**GOAL OF THE EXERCISE:**
Please copy all of the data that follows exactly, leaving any pictures out.
★ ★ ★ ★ ★ ★ ★
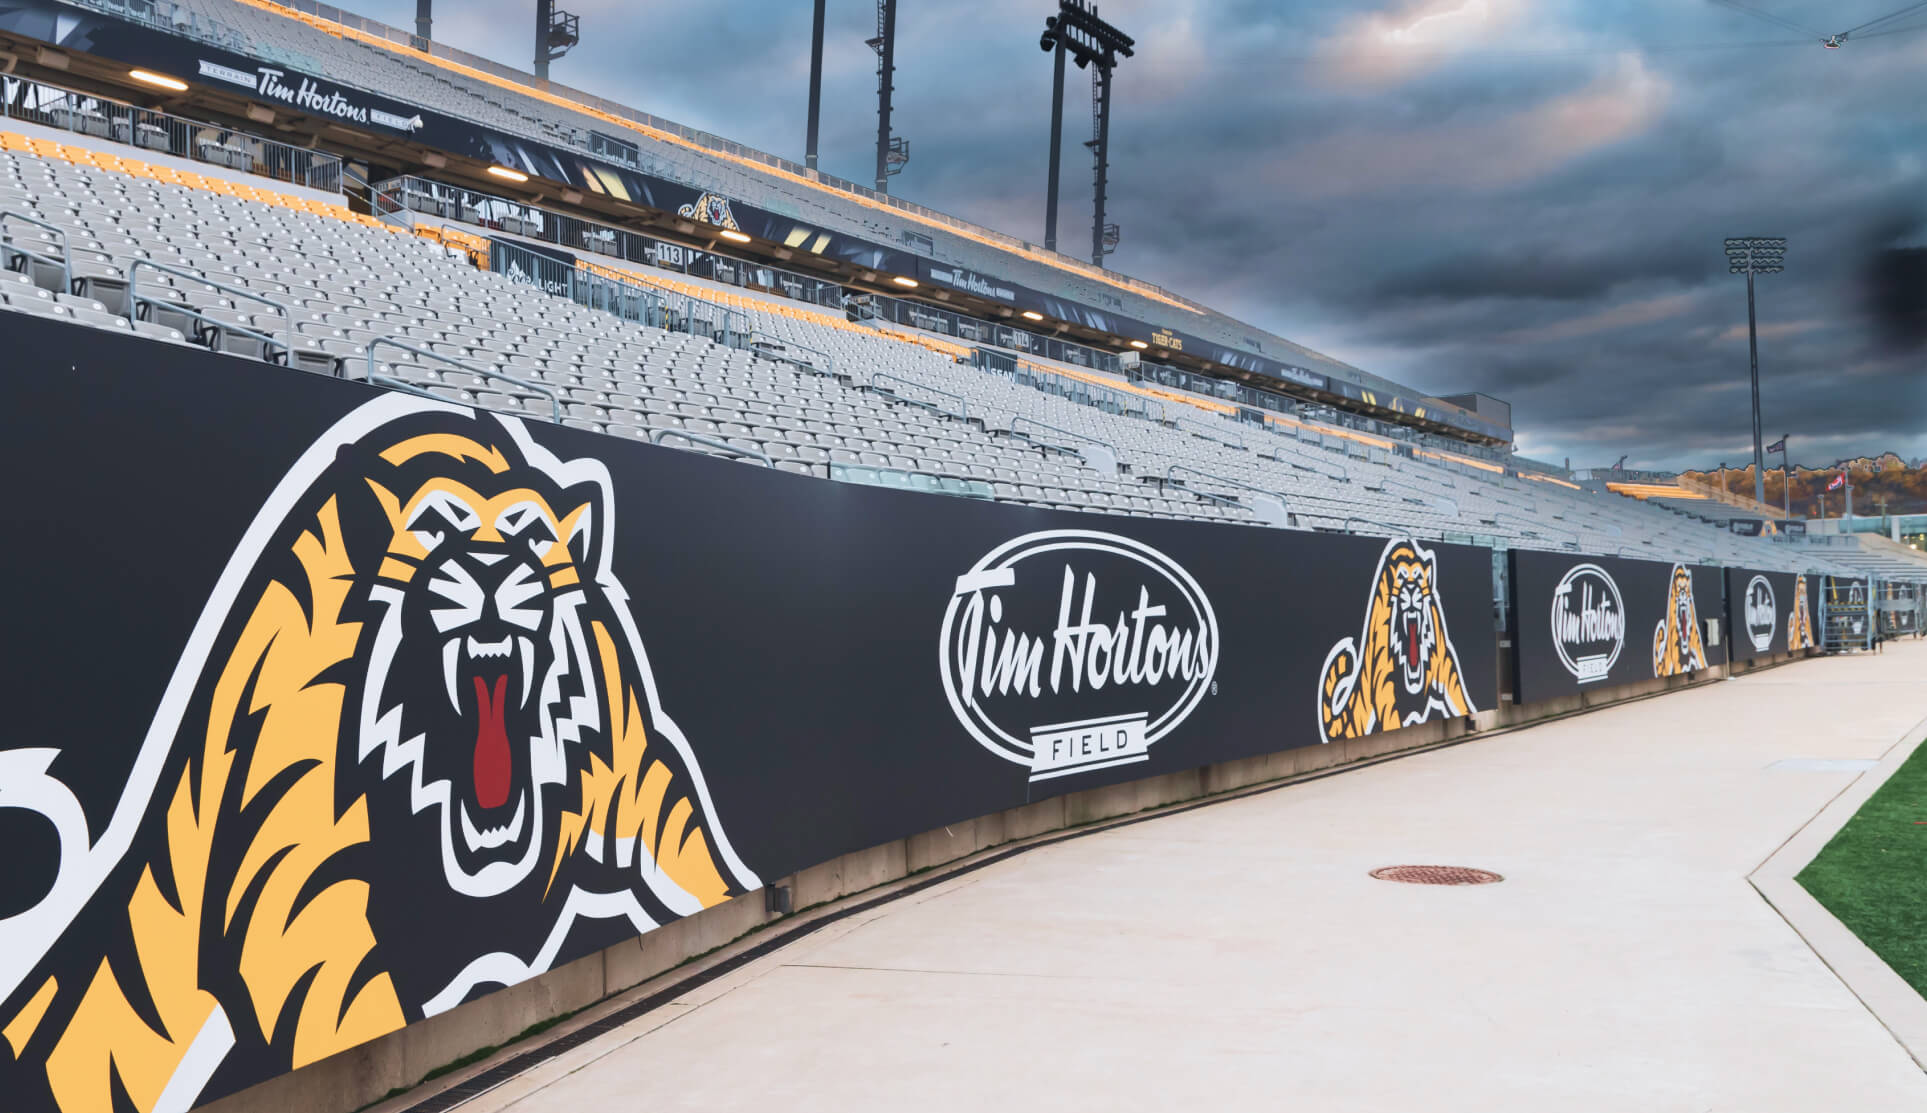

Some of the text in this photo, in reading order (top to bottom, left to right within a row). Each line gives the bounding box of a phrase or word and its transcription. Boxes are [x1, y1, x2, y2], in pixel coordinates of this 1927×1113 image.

[257, 67, 294, 104] Tim
[296, 77, 367, 122] Hortons
[660, 244, 680, 263] 113
[538, 277, 568, 296] LIGHT
[952, 269, 967, 290] Tim
[1555, 581, 1623, 645] Tim Hortons
[955, 564, 1208, 707] Tim Hortons
[1051, 729, 1129, 761] FIELD
★ ★ ★ ★ ★ ★ ★
**RESULT BELOW:**
Some of the text in this photo, in reading order (top to bottom, left to right within a row). Each line gives the bounding box of a phrase or word and its transcription. Boxes are [x1, y1, x2, y2], in pixel coordinates of this 1927×1113 image.

[257, 67, 294, 104] Tim
[296, 77, 367, 122] Hortons
[660, 244, 680, 263] 113
[538, 277, 568, 296] LIGHT
[952, 269, 967, 290] Tim
[1555, 581, 1623, 645] Tim Hortons
[955, 564, 1208, 707] Tim Hortons
[1051, 729, 1129, 761] FIELD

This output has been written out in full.